AIM OF THE EXERCISE:
Make an exact copy of the listing underneath, skipping each picture.

THE RECORDS:
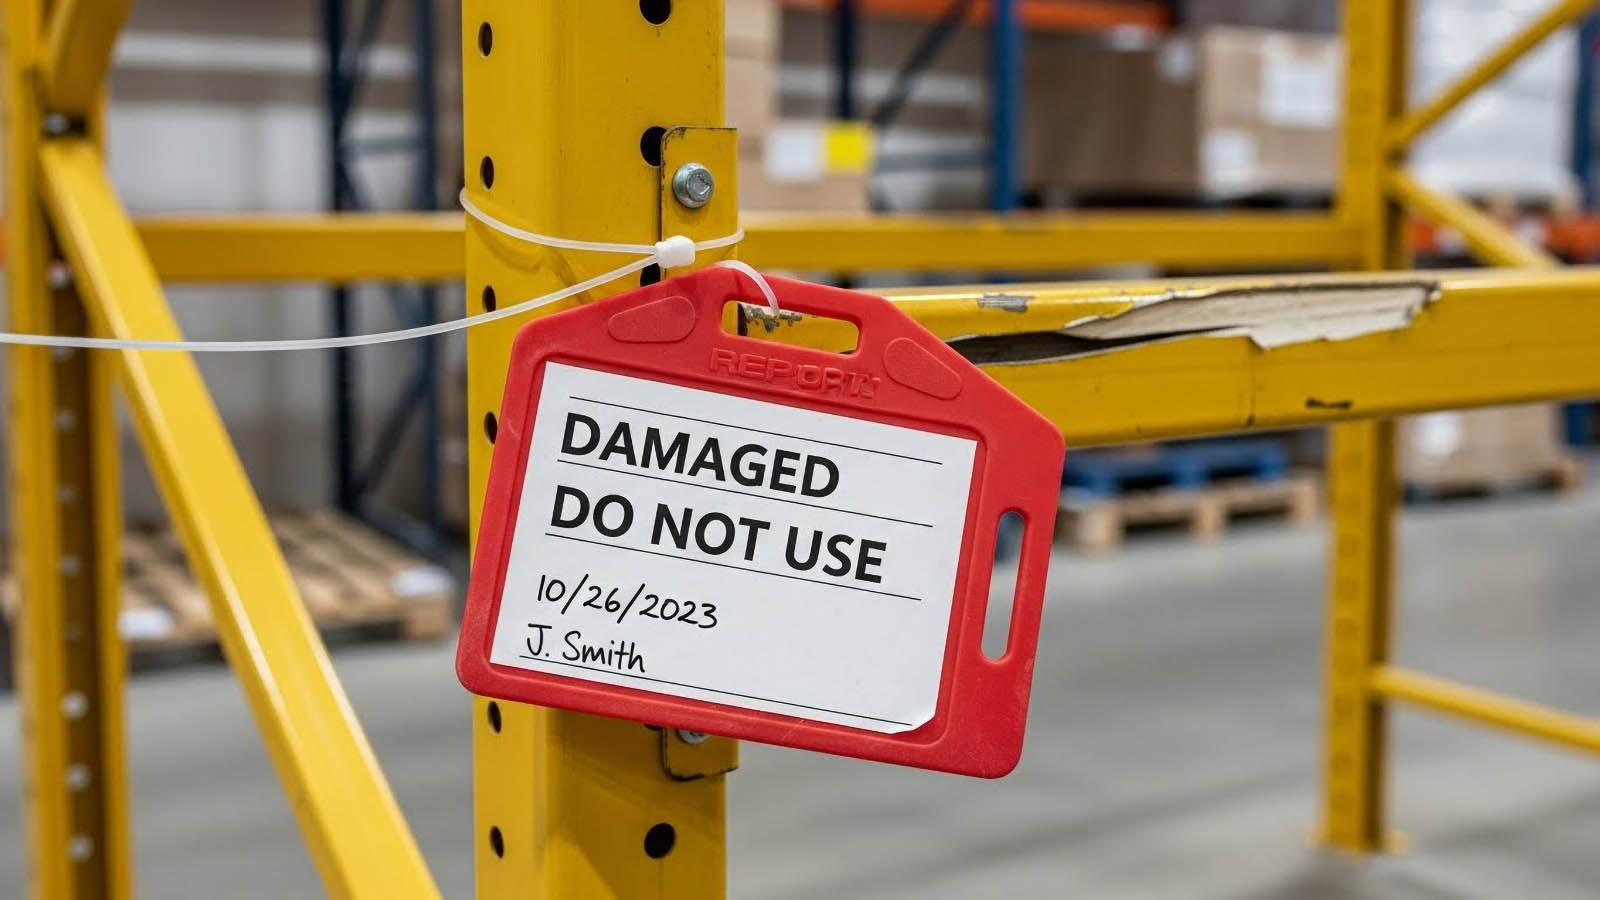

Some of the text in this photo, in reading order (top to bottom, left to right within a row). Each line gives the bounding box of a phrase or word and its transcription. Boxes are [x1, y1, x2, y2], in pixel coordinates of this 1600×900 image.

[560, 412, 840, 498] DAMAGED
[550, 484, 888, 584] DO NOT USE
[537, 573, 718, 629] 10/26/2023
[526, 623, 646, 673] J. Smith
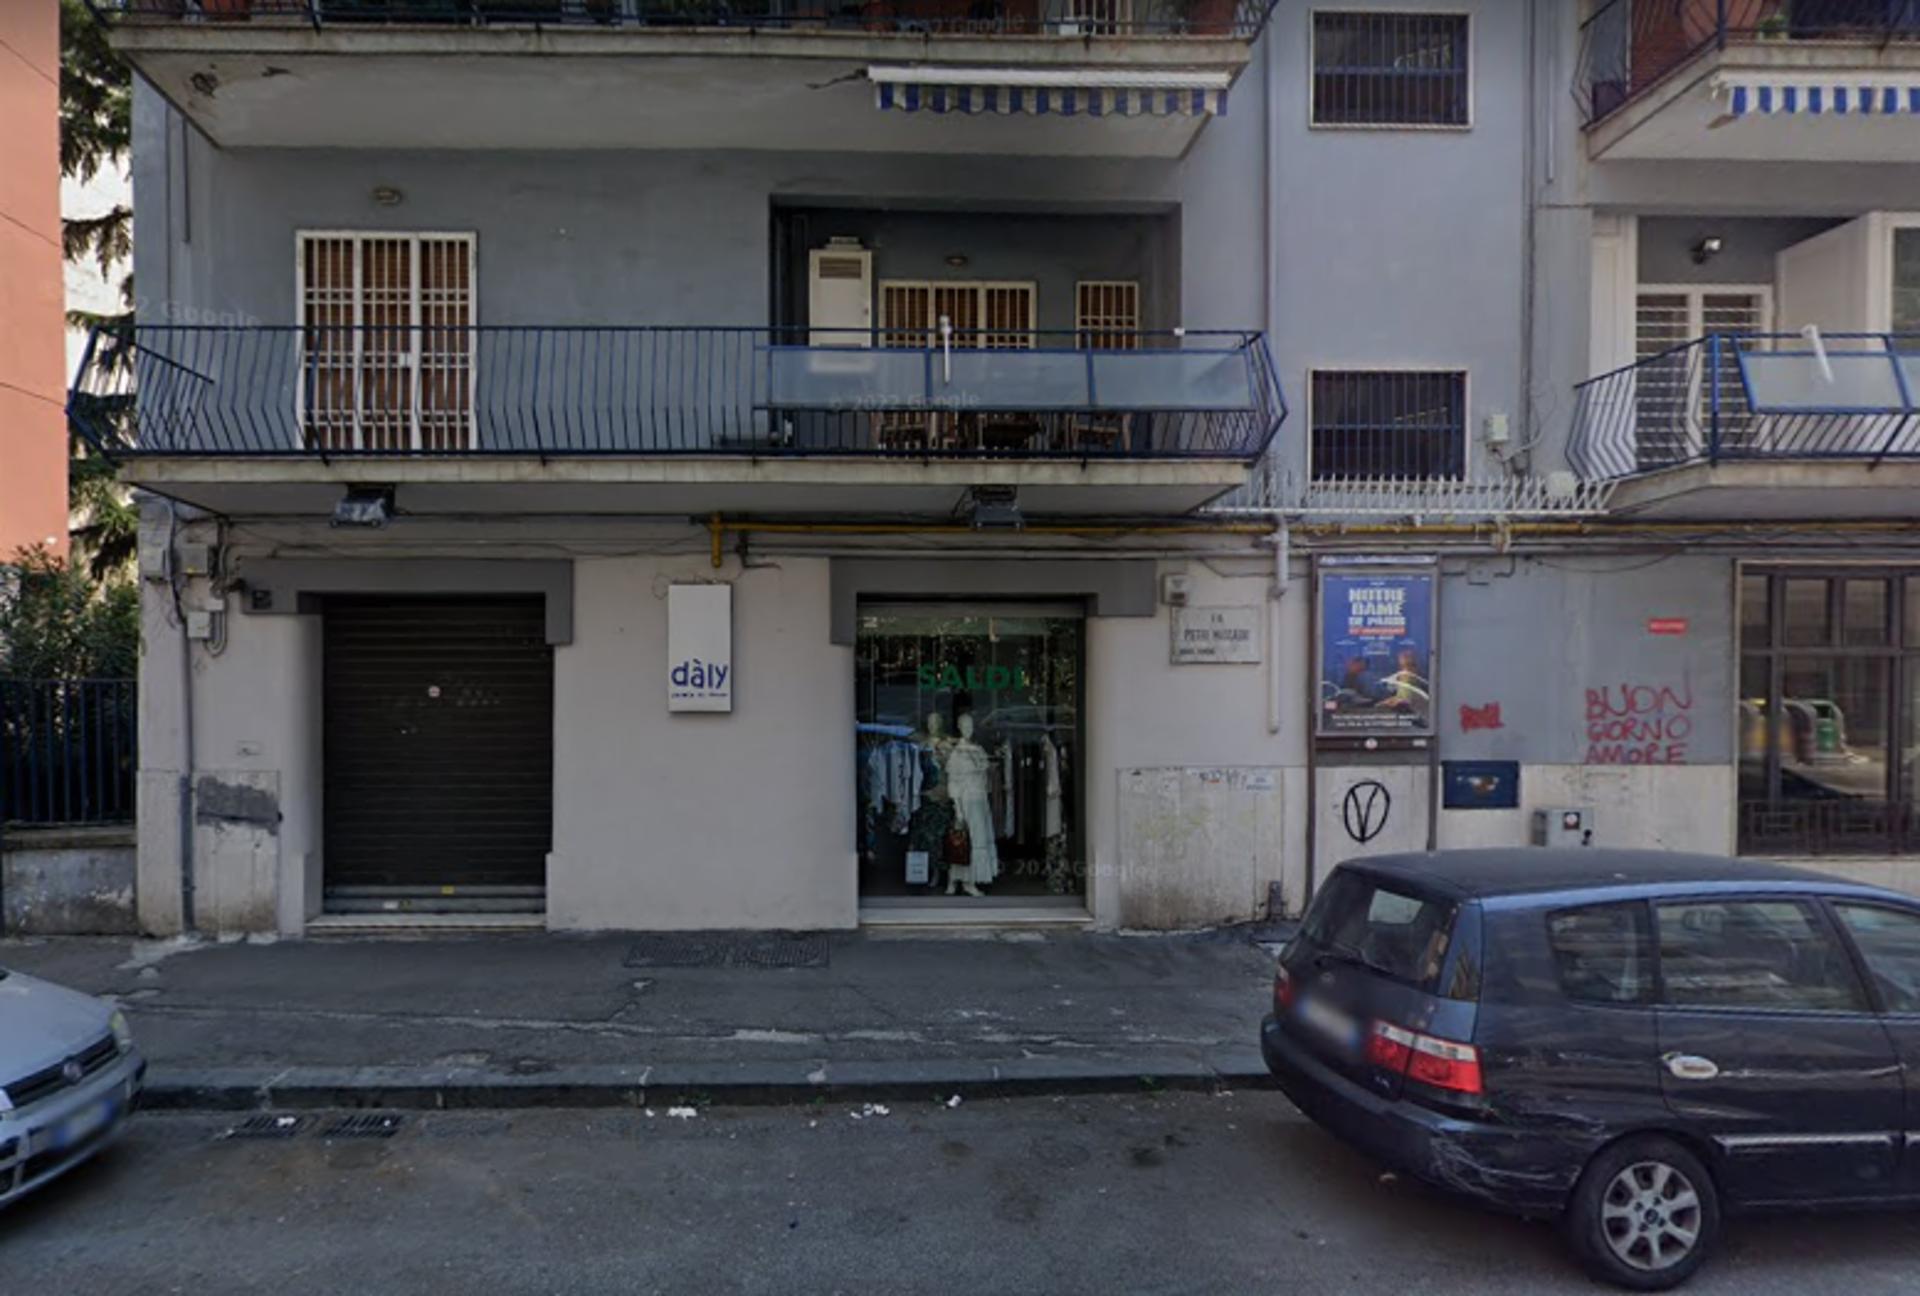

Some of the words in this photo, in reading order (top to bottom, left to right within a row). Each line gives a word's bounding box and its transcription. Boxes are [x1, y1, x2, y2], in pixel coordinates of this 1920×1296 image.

SOLVED EXERCISE:
Some of the text in this photo, in reading order (top to bottom, left to right within a row). Each line gives the bounding box of a phrase or word and its transcription. Boxes are [x1, y1, x2, y2], in pixel coordinates of this 1600×900 image.

[560, 412, 840, 498] DAMAGED
[550, 484, 888, 584] DO NOT USE
[537, 573, 718, 629] 10/26/2023
[526, 623, 646, 673] J. Smith

Some of the words in this photo, in reading order (top to bottom, left to right within a row). Each line gives a word's bounding box and its transcription. Boxes are [x1, y1, x2, y2], in pixel coordinates of this 1920×1296 image.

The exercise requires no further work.